If you’re missing one or more teeth, you may be aware of their importance to your appearance and dental health. Your teeth work together for many daily functions from eating to speaking. With missing teeth, it’s difficult to do these things. Missing teeth can and should be replaced. Fixed bridges are a great way to restore your dental health and appearance.
A bridge (fixed partial denture) literally bridges the gap created by one or more missing teeth.
A bridge is made up of two crowns for the teeth on either side of the gap – these two anchoring teeth are called abutment teeth – and a false tooth/teeth in between. These false teeth are called pontics and can be made from gold, alloys, porcelain, or a combination of these materials. Dental bridges are supported by natural teeth or implants.

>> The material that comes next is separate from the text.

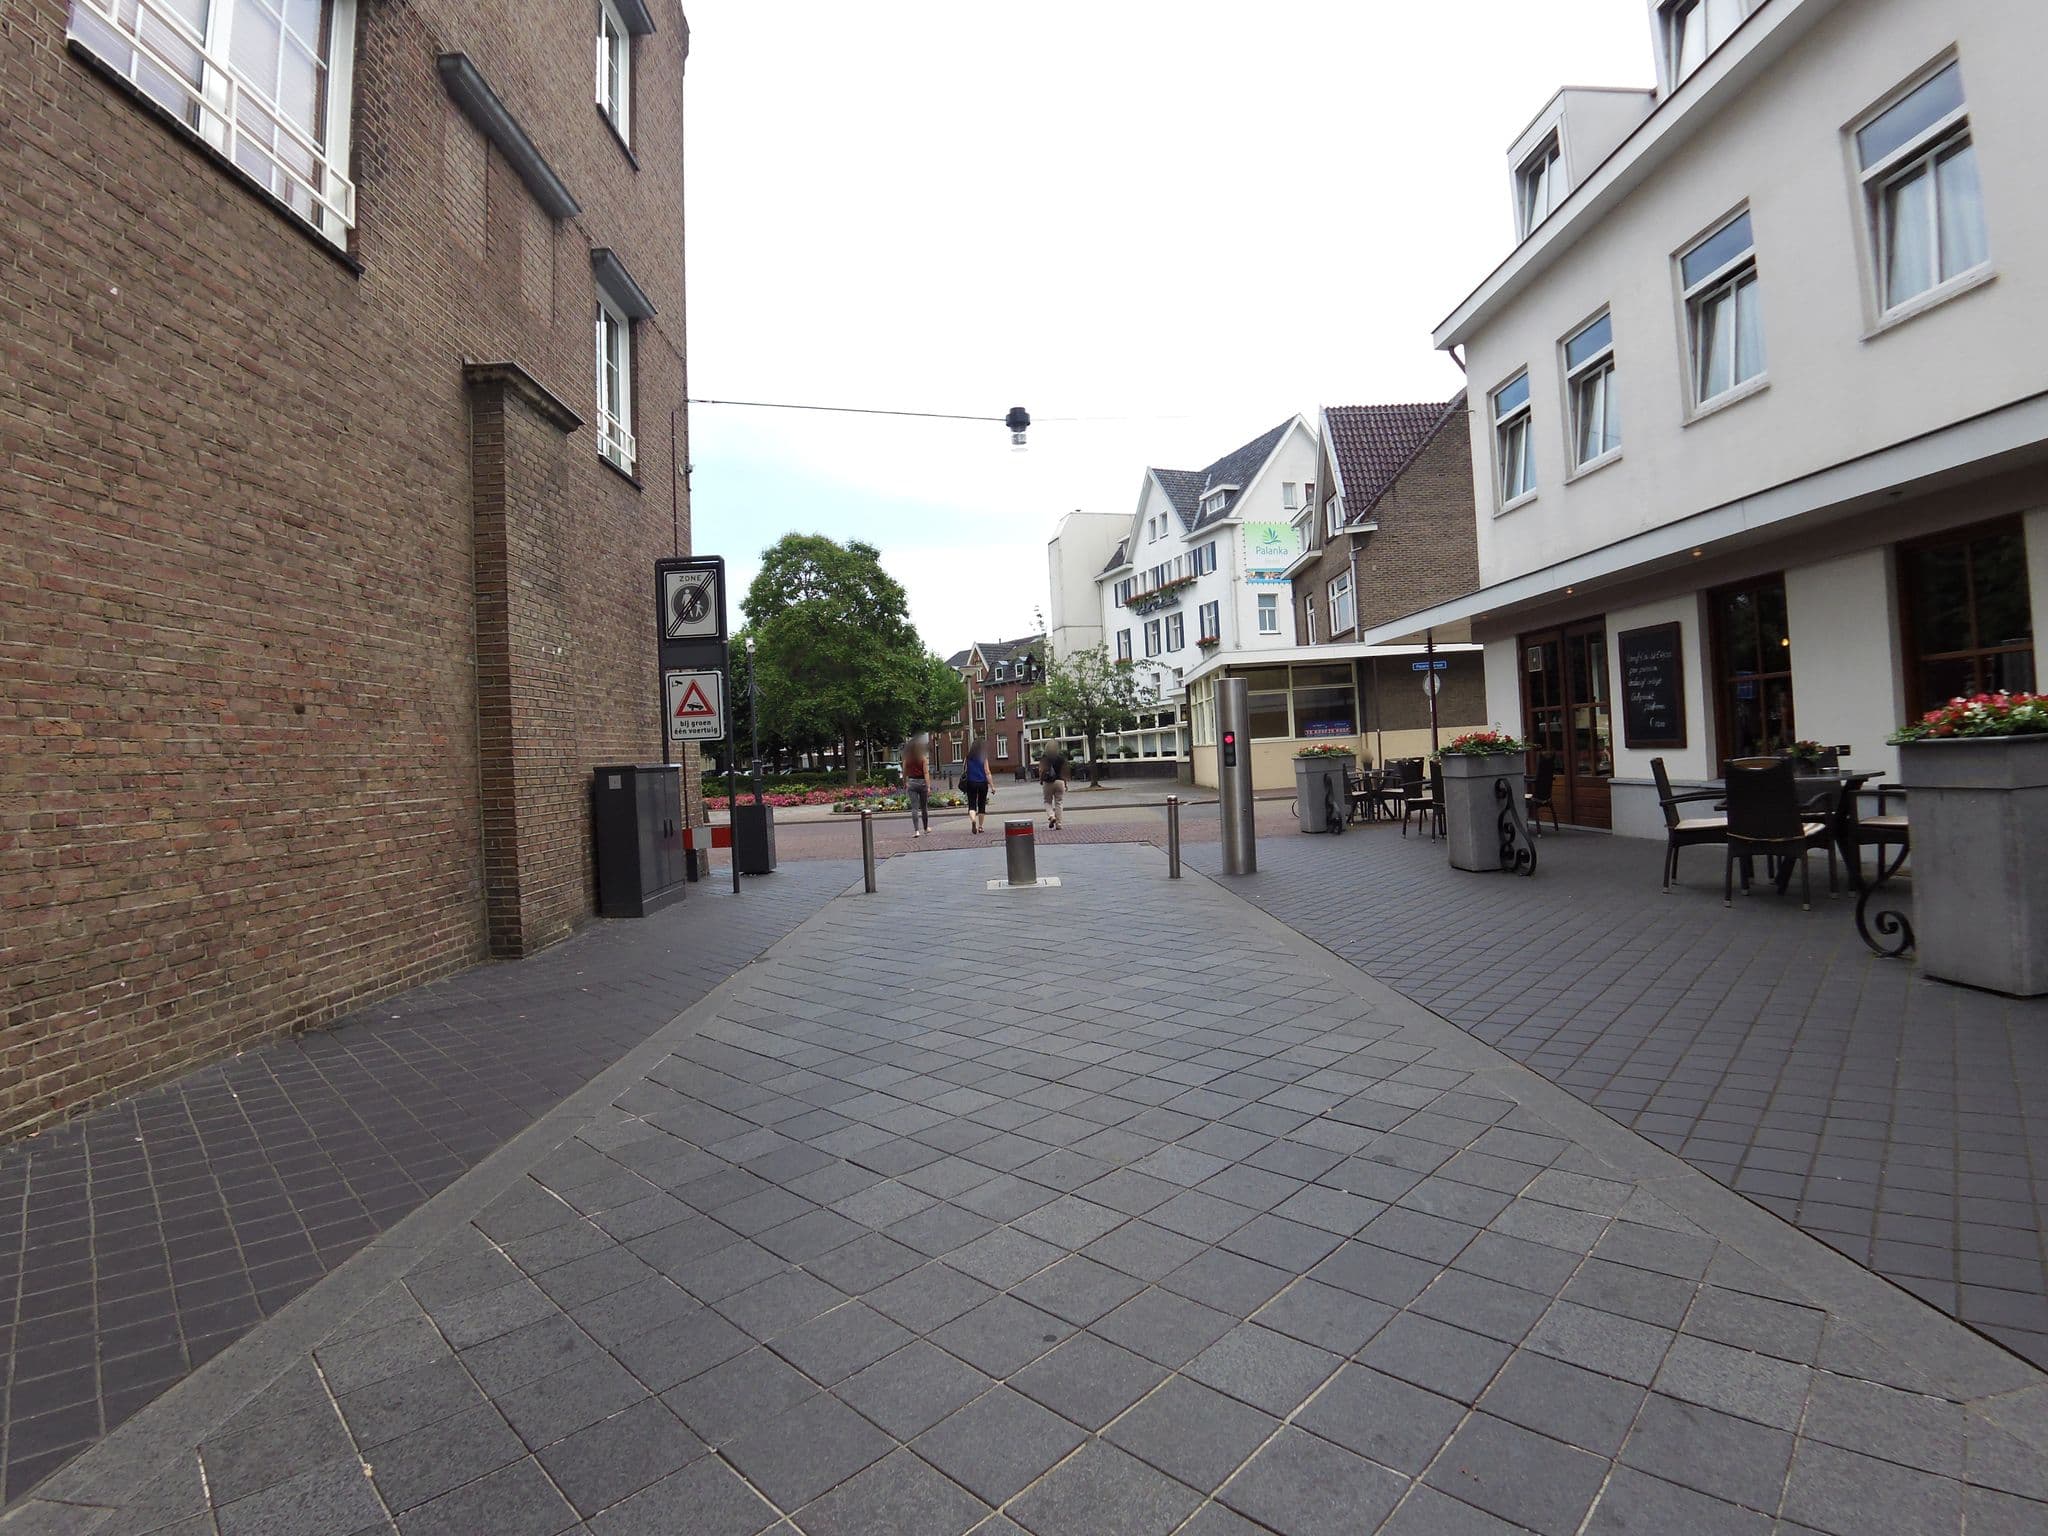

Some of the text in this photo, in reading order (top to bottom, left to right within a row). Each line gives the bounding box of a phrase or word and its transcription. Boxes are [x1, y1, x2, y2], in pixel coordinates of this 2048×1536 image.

[1256, 546, 1288, 555] Palanka
[680, 720, 711, 728] bij groen
[674, 726, 718, 735] één voertuig

What are the benefits of bridges?
- Restore your smile
- Restore your ability to properly chew and speak
- Maintain the shape of your face
- Distribute the forces in your bite properly by replacing missing teeth
- Prevent remaining teeth from drifting out of position
What is the process for getting a bridge?
During the first visit, the abutment teeth are prepared. Preparation involves recontouring these teeth by removing a portion of enamel to allow room for a crown to be placed over them. Next, impressions of your teeth are made, which serve as a model from which the bridge, pontics and crowns will be made by a dental laboratory. We will make a temporary bridge for you to wear to protect the exposed teeth and gums while your bridge is being made.
During the second visit, your temporary bridge will be removed and the new permanent bridge will be checked and adjusted, as necessary, to achieve a proper fit. Once you are completely satisfied with the esthetics of the bridge and the fit has been confirmed, we will cement the bridge into place.
How do I take care of my bridge?
A good home care regimen will insure the best success of your bridge. You should brush and floss regularly. A special floss is needed for proper cleaning under your bridge. This is of critical importance since the bridge relies on the neighboring teeth for support.